Defaults are disabled and conservative: three attempts, 5s base backoff (capped at 60s), 30s polling interval, and optimizer state restore enabled. The checkpoint strategy defaults to :latest; :best is reserved for future support, and {:specific, path} targets an explicit checkpoint path.

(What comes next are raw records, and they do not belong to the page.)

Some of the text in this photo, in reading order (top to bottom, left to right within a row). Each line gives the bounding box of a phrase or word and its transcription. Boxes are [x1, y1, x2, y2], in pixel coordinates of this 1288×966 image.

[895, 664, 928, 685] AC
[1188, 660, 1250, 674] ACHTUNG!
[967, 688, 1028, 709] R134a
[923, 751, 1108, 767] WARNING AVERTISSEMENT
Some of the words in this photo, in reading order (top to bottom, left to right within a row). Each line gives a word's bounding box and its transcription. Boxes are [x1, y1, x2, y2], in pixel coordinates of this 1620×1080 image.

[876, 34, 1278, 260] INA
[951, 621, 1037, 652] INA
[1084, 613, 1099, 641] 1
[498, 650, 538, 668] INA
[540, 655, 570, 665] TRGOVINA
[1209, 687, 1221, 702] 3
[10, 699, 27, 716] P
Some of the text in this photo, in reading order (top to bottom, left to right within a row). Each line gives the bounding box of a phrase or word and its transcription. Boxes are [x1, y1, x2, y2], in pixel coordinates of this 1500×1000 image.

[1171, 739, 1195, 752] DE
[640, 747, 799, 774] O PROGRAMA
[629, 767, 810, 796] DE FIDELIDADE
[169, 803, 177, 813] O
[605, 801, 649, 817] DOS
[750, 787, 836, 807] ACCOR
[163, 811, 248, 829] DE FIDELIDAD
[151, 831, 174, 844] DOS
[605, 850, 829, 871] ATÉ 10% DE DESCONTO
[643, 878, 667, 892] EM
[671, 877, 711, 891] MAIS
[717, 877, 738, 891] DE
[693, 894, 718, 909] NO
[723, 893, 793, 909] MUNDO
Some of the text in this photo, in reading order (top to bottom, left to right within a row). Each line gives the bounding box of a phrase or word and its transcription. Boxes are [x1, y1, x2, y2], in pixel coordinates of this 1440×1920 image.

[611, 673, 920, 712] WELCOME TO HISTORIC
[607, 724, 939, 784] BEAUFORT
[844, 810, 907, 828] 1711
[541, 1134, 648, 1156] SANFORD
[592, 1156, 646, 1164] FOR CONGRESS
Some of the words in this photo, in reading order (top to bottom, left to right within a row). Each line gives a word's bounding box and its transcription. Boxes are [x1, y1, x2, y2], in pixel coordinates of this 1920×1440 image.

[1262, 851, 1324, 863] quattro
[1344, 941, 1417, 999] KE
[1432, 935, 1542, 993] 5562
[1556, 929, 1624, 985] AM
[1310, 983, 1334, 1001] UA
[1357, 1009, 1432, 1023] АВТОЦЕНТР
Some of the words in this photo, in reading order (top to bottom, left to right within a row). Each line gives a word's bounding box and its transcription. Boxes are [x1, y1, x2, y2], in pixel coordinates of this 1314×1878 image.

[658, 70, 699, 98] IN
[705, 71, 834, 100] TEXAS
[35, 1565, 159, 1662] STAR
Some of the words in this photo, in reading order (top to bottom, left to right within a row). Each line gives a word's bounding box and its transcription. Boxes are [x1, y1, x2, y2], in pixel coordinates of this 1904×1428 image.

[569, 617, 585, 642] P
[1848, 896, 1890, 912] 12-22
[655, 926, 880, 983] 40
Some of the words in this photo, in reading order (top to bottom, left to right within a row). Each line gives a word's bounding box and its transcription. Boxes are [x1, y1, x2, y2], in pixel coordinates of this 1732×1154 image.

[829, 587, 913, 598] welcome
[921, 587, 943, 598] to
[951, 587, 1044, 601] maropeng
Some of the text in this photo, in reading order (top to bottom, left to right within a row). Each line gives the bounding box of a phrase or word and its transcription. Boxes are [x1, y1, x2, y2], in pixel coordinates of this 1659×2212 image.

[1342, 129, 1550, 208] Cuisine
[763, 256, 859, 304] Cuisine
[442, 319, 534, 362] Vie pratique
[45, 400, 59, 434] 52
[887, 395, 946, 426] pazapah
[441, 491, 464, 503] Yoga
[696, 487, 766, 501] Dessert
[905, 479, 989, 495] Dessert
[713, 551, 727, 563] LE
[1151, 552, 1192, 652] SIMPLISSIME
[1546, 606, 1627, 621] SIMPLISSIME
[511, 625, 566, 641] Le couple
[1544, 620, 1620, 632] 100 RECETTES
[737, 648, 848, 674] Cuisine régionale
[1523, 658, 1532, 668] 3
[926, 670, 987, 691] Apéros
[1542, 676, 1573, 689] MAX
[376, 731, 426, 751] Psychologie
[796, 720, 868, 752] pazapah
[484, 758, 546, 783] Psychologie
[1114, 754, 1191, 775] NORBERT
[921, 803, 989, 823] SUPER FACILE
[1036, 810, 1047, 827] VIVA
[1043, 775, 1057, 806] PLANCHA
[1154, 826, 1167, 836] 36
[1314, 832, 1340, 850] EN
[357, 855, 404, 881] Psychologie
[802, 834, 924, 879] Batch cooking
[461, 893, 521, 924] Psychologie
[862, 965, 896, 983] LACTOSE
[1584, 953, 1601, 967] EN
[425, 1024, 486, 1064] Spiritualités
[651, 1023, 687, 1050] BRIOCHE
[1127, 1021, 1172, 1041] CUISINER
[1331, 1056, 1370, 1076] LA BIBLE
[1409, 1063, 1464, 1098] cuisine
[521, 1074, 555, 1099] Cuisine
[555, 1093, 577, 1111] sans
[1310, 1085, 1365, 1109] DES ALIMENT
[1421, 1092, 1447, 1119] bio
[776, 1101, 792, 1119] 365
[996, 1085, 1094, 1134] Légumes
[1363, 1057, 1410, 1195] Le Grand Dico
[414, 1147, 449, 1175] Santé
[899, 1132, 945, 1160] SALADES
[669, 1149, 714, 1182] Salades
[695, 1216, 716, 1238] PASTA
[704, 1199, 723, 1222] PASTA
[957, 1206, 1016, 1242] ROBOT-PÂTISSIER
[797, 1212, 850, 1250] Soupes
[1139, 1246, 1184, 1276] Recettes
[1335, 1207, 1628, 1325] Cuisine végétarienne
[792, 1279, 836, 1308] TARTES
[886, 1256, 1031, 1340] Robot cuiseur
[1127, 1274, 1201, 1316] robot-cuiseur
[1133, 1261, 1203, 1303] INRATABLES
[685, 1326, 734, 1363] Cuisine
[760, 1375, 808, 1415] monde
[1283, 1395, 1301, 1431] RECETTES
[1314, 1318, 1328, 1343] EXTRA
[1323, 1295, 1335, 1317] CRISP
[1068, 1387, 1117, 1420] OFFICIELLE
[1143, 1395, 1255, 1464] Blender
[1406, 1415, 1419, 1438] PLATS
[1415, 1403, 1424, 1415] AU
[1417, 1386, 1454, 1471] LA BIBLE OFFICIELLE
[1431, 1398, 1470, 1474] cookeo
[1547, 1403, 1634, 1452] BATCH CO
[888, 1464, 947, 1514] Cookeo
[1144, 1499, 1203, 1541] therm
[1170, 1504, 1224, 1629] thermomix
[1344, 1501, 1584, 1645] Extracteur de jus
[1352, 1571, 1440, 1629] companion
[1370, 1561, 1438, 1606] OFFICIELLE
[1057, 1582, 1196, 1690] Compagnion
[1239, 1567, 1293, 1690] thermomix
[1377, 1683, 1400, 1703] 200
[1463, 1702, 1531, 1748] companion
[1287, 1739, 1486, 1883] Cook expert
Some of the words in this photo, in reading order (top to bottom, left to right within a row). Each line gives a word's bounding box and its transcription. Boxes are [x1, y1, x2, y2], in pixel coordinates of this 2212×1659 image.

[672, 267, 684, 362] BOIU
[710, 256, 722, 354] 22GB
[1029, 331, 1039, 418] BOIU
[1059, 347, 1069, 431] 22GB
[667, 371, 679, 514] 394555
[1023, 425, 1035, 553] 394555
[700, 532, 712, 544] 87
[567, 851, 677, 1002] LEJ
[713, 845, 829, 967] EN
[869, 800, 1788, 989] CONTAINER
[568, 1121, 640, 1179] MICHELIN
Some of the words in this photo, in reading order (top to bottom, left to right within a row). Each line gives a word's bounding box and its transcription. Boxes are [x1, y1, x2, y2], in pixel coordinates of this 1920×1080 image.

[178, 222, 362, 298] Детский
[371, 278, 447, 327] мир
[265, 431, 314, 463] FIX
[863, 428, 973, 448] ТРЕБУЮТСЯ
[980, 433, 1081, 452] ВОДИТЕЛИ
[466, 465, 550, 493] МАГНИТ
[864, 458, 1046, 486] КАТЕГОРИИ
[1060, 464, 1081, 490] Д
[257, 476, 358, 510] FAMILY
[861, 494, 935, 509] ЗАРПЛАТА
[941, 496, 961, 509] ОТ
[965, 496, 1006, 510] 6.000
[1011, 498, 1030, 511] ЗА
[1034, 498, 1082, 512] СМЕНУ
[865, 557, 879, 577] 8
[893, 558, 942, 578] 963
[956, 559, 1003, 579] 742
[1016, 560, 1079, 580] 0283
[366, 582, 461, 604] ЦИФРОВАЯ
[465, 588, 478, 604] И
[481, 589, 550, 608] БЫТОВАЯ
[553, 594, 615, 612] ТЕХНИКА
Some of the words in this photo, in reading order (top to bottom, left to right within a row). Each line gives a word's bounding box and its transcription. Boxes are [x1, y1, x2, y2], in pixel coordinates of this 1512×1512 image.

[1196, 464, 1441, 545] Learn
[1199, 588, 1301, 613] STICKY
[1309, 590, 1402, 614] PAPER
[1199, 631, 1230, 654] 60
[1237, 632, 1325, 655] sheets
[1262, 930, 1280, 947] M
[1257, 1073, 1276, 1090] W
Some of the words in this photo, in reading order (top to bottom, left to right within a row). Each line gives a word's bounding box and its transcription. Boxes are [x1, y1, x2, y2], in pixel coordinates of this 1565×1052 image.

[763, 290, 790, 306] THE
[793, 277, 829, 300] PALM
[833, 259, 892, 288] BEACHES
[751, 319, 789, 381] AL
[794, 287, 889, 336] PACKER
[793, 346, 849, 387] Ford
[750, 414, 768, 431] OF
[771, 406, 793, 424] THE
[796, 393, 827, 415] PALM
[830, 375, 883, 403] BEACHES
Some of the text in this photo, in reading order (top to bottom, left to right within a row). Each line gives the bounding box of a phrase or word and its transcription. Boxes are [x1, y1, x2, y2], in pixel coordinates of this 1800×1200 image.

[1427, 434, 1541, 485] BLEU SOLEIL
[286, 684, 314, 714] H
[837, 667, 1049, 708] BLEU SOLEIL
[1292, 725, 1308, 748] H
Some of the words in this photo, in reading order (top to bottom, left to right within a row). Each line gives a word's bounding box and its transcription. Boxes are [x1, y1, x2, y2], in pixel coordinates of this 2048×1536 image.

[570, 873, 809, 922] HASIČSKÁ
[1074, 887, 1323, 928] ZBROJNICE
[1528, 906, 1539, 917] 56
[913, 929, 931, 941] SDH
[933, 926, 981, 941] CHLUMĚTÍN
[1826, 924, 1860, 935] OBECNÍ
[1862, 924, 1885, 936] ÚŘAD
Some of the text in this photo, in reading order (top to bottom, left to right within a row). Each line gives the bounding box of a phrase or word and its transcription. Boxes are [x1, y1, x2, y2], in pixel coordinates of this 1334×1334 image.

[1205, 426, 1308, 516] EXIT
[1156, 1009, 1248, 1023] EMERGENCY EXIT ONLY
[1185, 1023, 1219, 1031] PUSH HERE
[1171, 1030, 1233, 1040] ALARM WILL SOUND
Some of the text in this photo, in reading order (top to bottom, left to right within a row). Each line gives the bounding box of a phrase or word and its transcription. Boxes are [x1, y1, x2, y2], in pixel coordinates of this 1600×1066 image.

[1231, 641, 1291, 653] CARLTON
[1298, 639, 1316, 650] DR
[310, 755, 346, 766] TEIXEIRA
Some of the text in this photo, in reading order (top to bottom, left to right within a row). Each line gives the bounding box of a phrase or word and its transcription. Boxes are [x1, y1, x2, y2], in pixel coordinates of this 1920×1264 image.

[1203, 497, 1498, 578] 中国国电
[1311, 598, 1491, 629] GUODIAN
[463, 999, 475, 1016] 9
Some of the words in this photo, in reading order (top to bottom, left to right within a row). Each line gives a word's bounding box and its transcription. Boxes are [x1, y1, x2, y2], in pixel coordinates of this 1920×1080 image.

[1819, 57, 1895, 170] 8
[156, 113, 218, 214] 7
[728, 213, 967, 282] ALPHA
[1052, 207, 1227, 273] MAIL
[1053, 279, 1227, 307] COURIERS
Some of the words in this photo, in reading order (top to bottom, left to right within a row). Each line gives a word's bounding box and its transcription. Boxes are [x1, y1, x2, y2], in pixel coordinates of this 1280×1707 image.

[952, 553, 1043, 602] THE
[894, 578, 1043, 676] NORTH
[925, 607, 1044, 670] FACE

Telemetry events emitted by the recovery pipeline:

  • [:tinkex, :recovery, :detected] - monitor observed corrupted: true
  • [:tinkex, :recovery, :started] - executor attempt began
  • [:tinkex, :recovery, :checkpoint_selected] - checkpoint picked
  • [:tinkex, :recovery, :client_created] - training client created
  • [:tinkex, :recovery, :completed] - recovery finished successfully
  • [:tinkex, :recovery, :failed] - attempt failed (before exhaustion)
  • [:tinkex, :recovery, :exhausted] - max attempts reached, no recovery
  • [:tinkex, :recovery, :poll_error] - monitor failed to poll run status (keeps state)

Summary

Functions

Build a recovery policy from a struct, keyword list, or map.

Types

checkpoint_strategy()

@type checkpoint_strategy() :: :latest | :best | {:specific, String.t()}

failure_callback()

@type failure_callback() :: (String.t(), term() -> :ok) | nil

recovery_callback()

@type recovery_callback() ::
  (pid() | nil, pid(), Tinkex.Types.Checkpoint.t() -> :ok) | nil

t()

@type t() :: %Tinkex.Recovery.Policy{
  backoff_ms: pos_integer(),
  checkpoint_strategy: checkpoint_strategy(),
  enabled: boolean(),
  max_attempts: pos_integer(),
  max_backoff_ms: pos_integer(),
  on_failure: failure_callback(),
  on_recovery: recovery_callback(),
  poll_interval_ms: pos_integer(),
  restore_optimizer: boolean()
}

Functions

new(policy)

@spec new(t() | keyword() | map() | nil) :: t()

Build a recovery policy from a struct, keyword list, or map.

Unknown keys are ignored; invalid values fall back to defaults to keep the policy conservative and opt-in.